--- Material to process ---

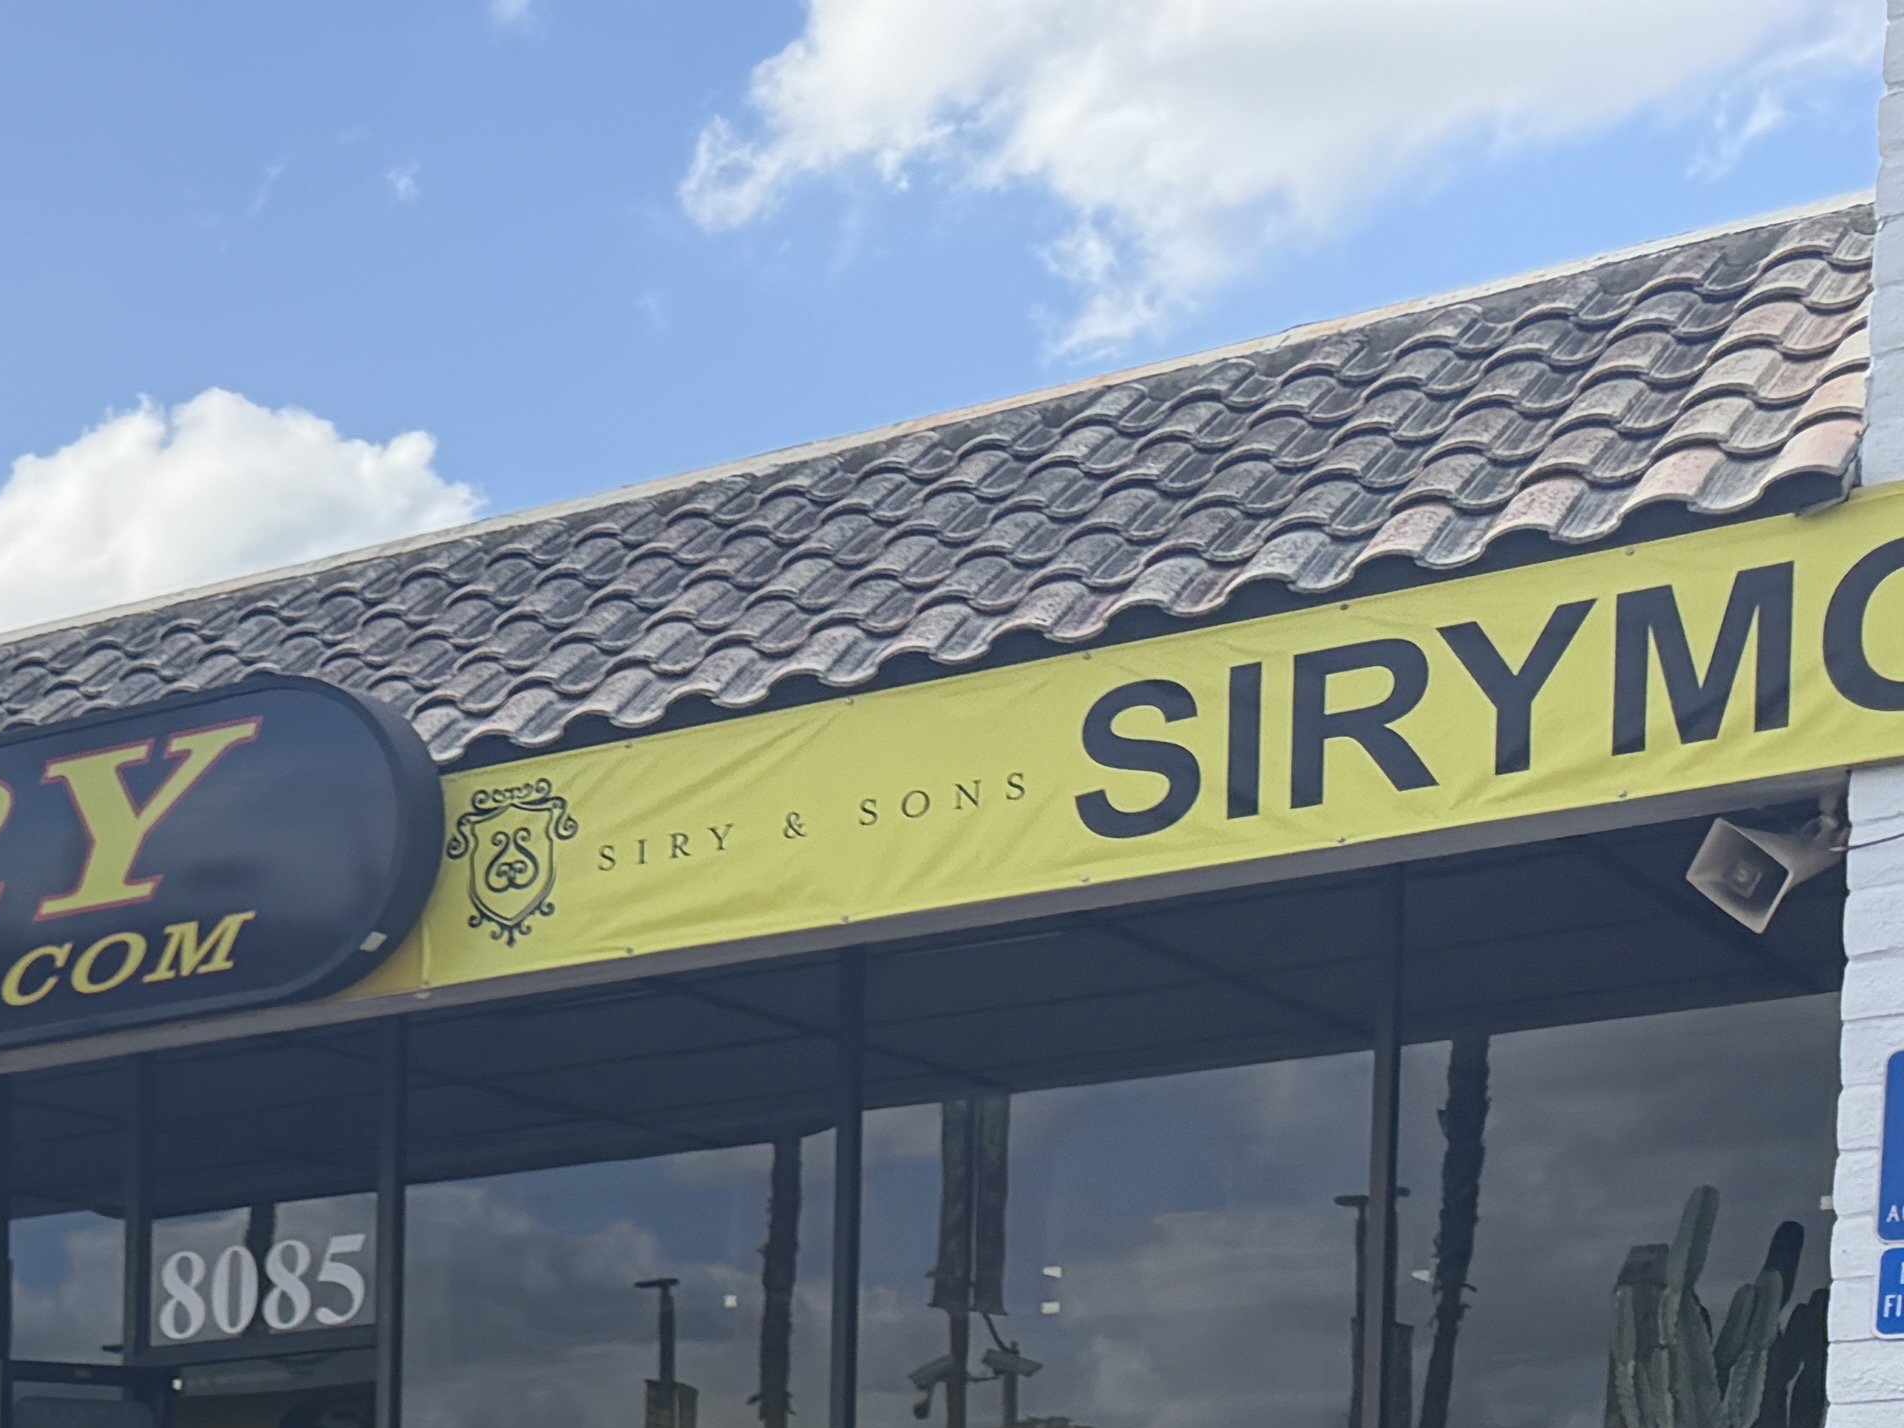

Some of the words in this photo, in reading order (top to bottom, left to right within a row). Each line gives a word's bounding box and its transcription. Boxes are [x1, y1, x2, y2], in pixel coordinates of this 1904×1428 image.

[597, 824, 735, 872] SIRY
[782, 812, 807, 839] &
[858, 771, 1028, 826] SONS
[1887, 1205, 1904, 1222] A
[159, 1233, 366, 1340] 8085
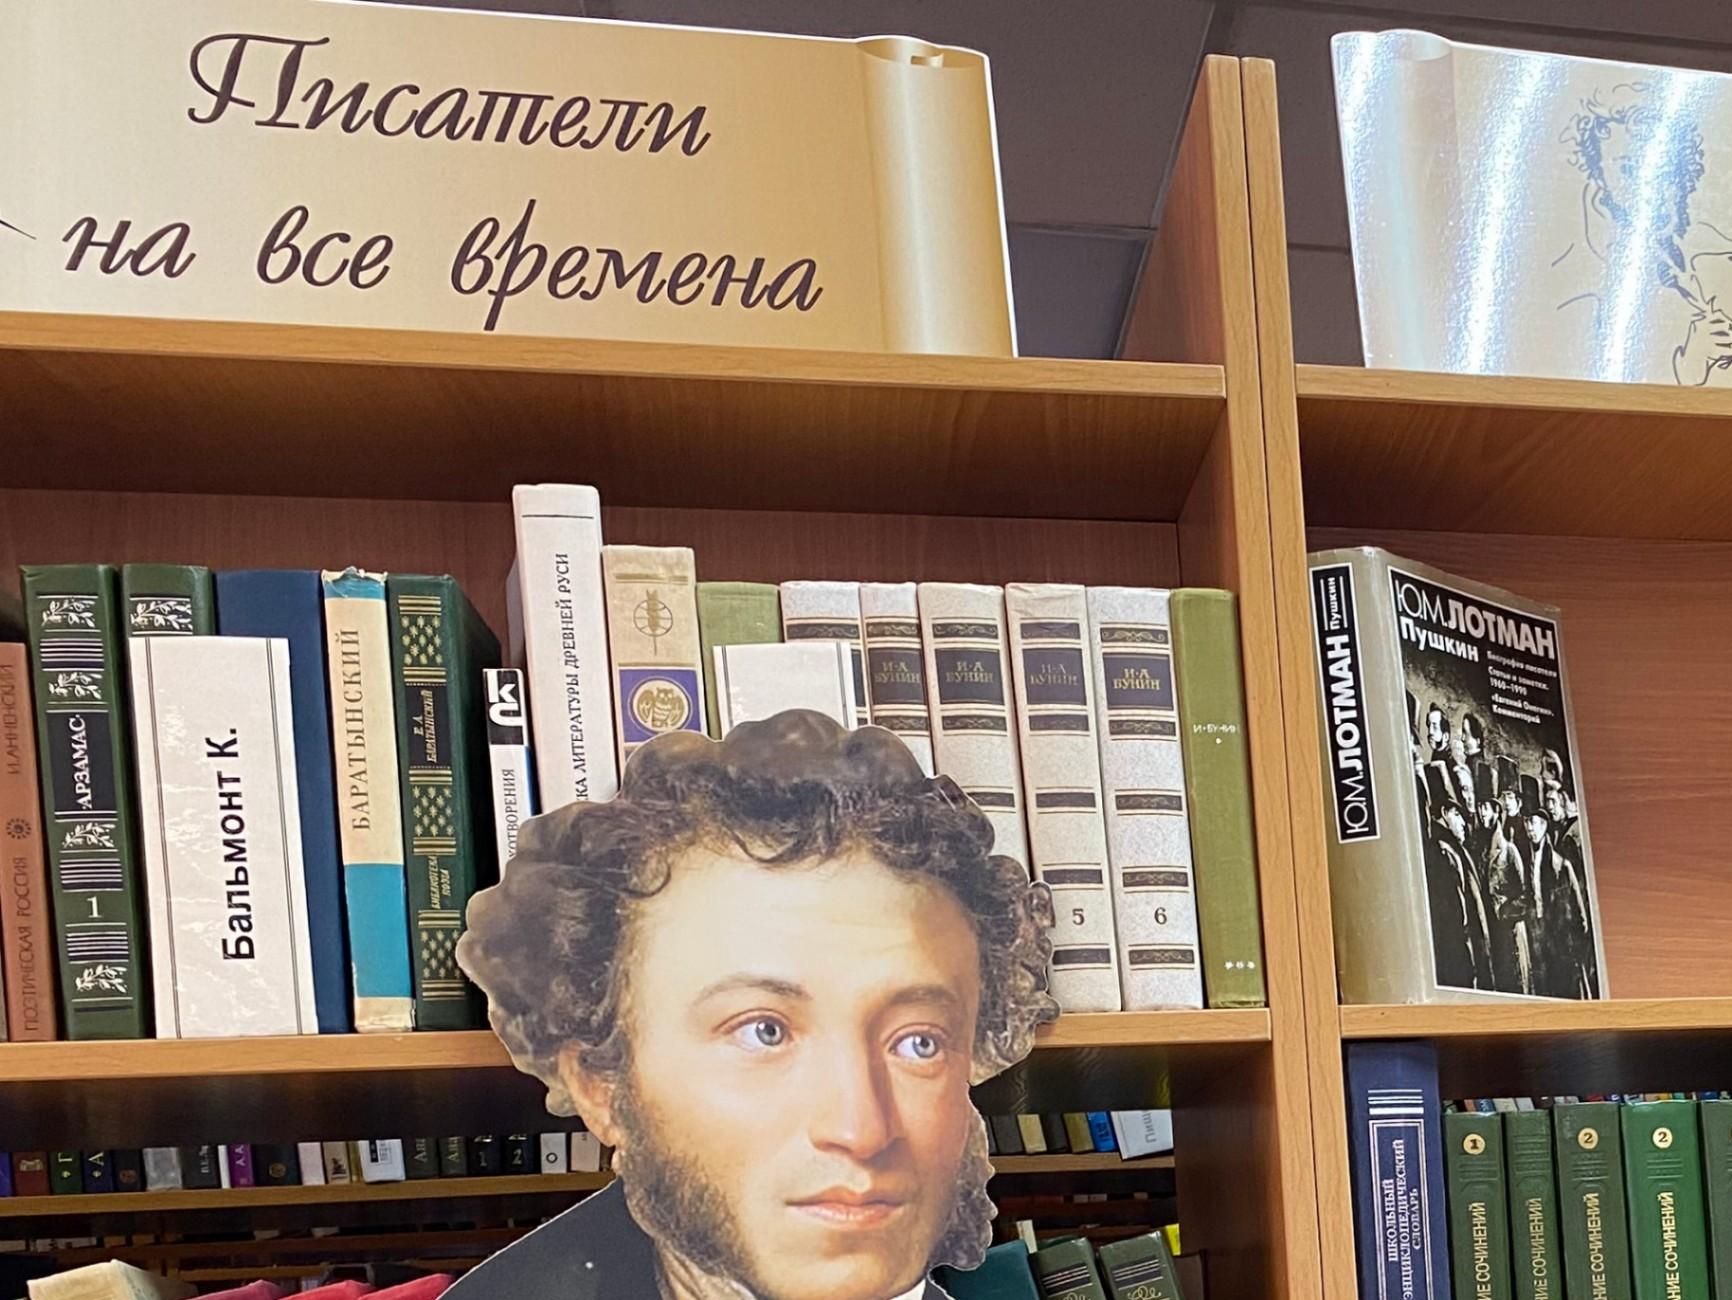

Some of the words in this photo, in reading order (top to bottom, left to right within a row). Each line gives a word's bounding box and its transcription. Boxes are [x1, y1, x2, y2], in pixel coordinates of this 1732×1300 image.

[187, 33, 712, 157] Писатели
[63, 214, 197, 279] на
[256, 204, 396, 290] все
[451, 198, 822, 332] времена
[555, 553, 570, 596] РУСИ
[1330, 576, 1340, 630] Пушкин
[555, 601, 580, 669] ДРЕВНЕЙ
[1400, 615, 1479, 662] Пушкин
[1113, 677, 1160, 690] БУНИН
[206, 727, 240, 758] К.
[336, 630, 370, 831] БАРАТЫНСКИЙ
[565, 673, 587, 772] ЛИТЕРАТУРЫ
[69, 714, 93, 810] АРЗАМАС
[16, 856, 31, 918] РОССИЯ
[217, 770, 255, 961] Бальмонт
[87, 897, 98, 918] 1
[1072, 907, 1085, 926] 5
[23, 925, 39, 1032] ПОЭТИЧЕСКАЯ
[1384, 1179, 1399, 1262] ШКОЛЬНЫЙ
[1393, 1140, 1413, 1300] ЭНЦИКЛОПЕДИЧЕСКИЙ
[1411, 1188, 1422, 1250] СЛОВАРЬ
[1658, 1192, 1680, 1271] СОЧИНЕНИЙ
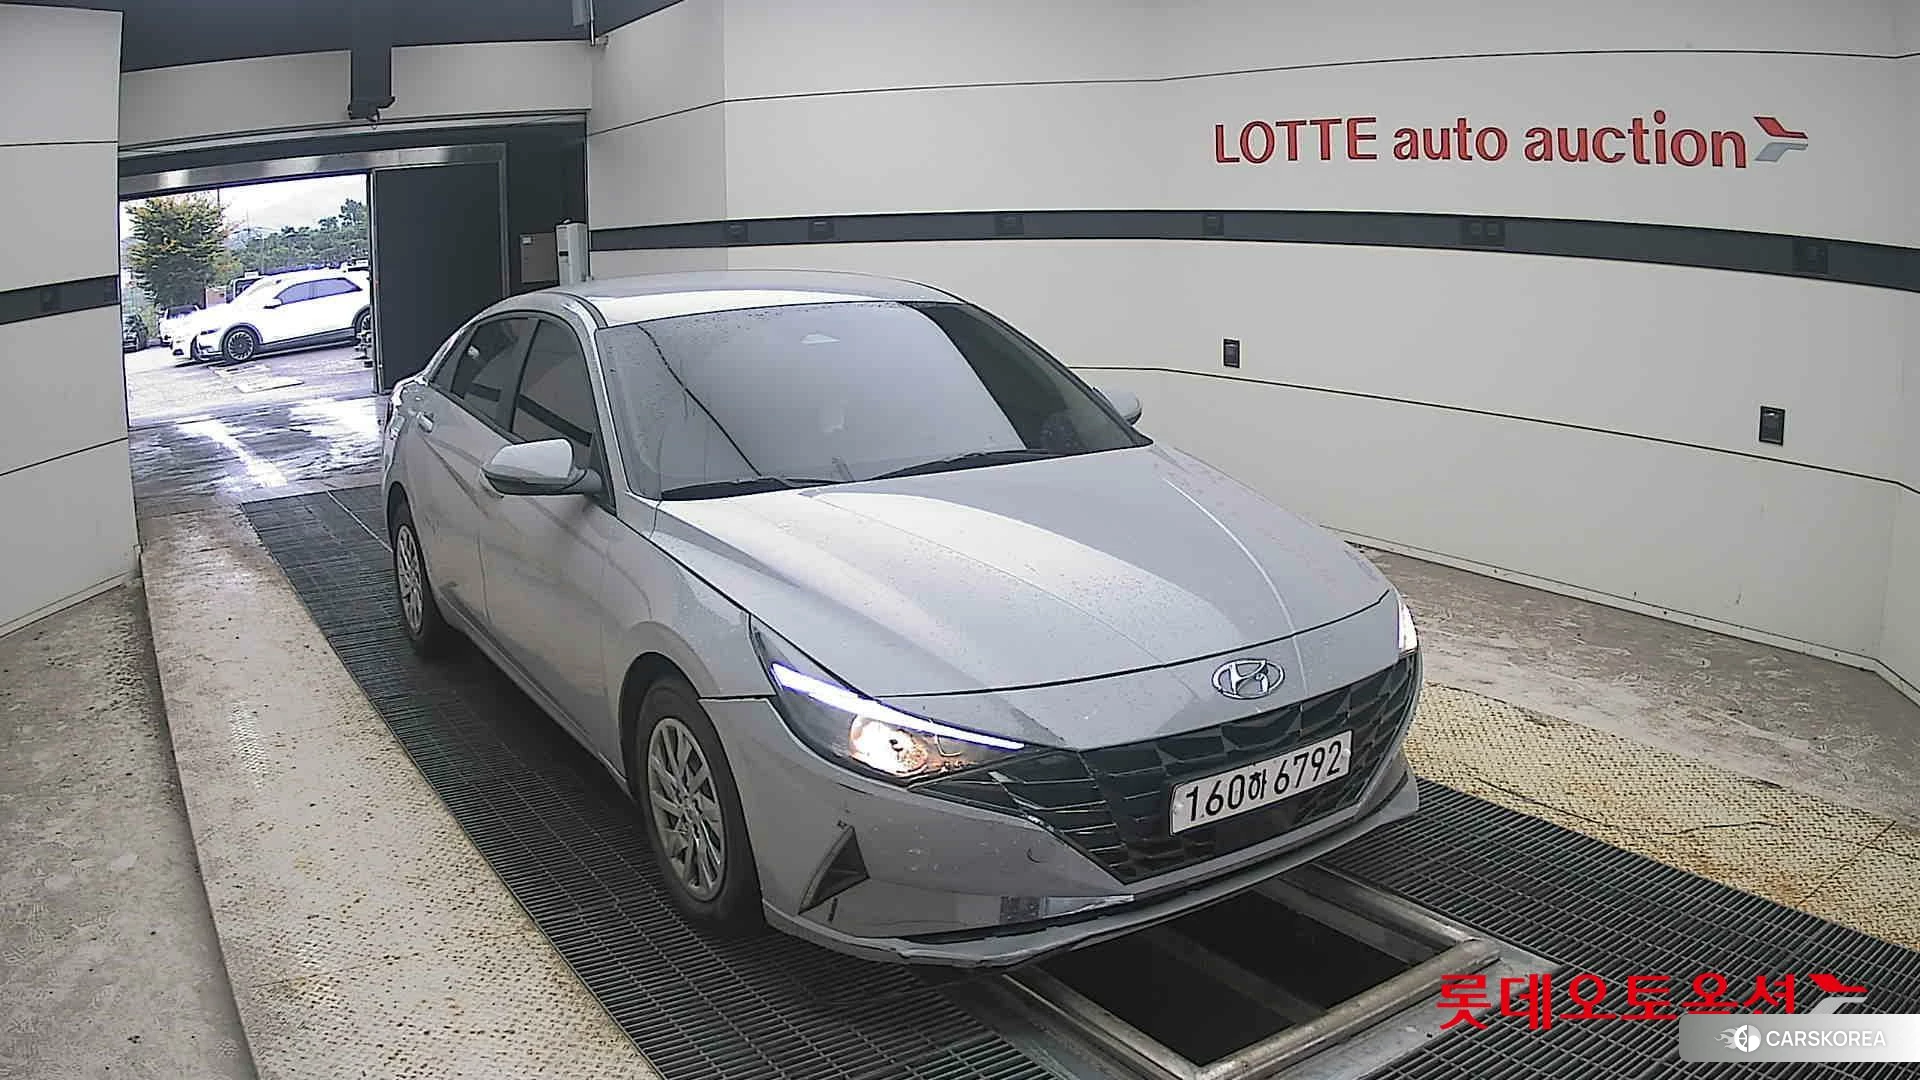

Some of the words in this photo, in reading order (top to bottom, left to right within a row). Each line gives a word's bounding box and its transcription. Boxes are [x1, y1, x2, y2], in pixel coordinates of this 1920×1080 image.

[1215, 116, 1377, 164] LOTTE
[1393, 118, 1509, 162] auto
[1523, 110, 1748, 169] auction
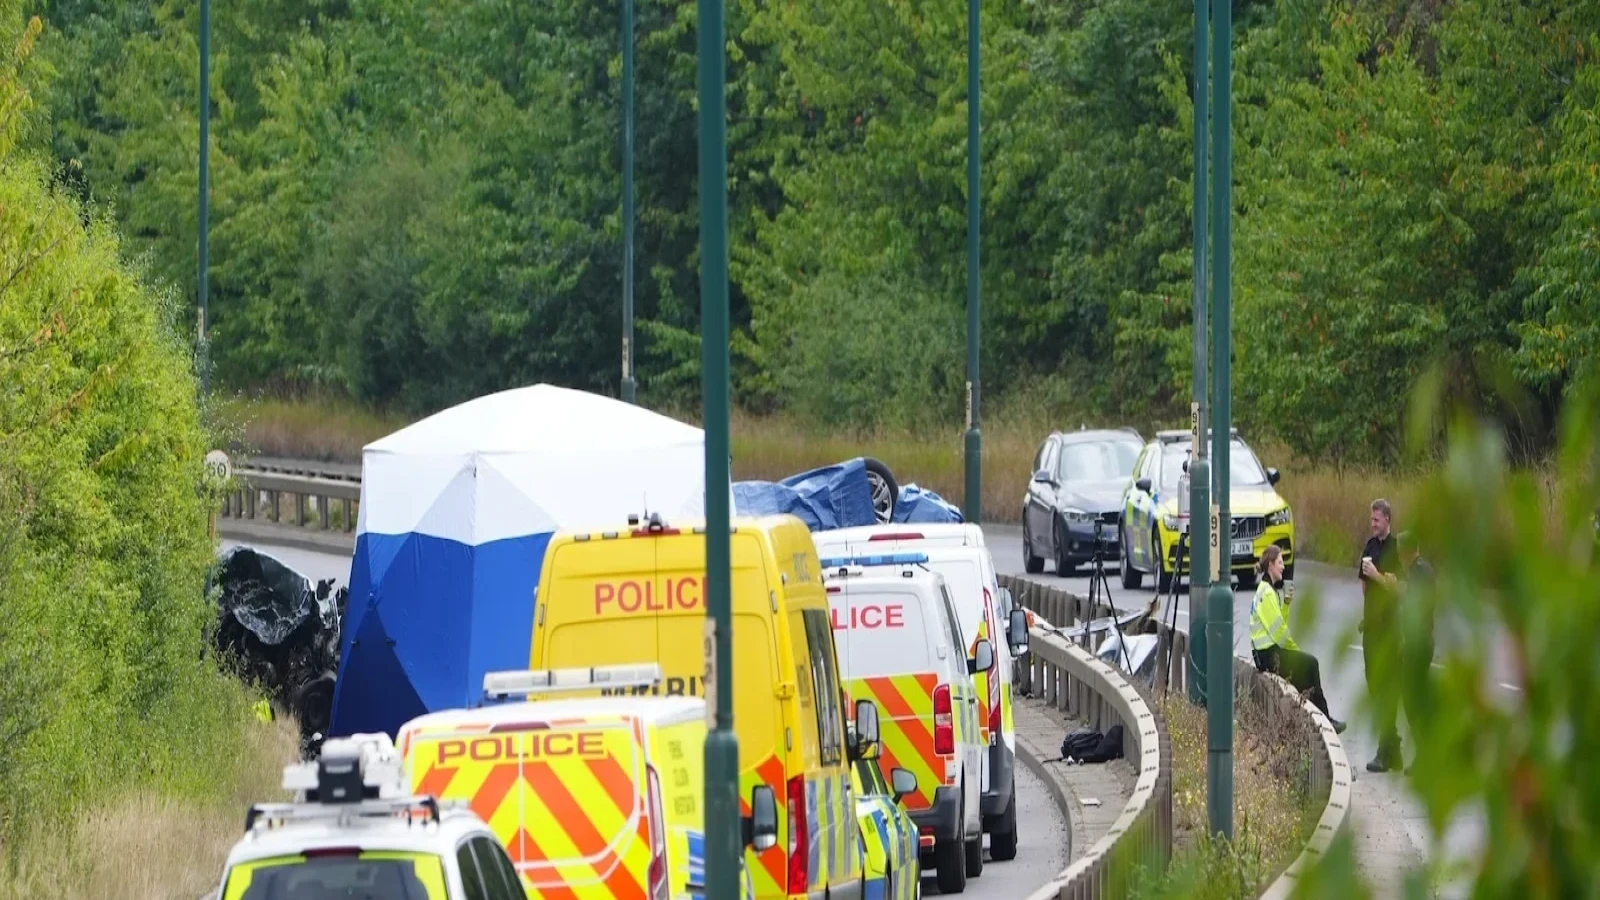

---

> [What is required]
An exact copy is needed of every line from the line containing "this 1920×1080 image." to the last line of the records; pictures stay out of it.

> [The completed task]
Some of the words in this photo, in reading order (top to bottom, left to right within a row). Each line gives a word's bounding box and its transcription. Boxes are [x1, y1, x2, y2], in pixel coordinates of this 1920×1080 image.

[1215, 116, 1377, 164] LOTTE
[1393, 118, 1509, 162] auto
[1523, 110, 1748, 169] auction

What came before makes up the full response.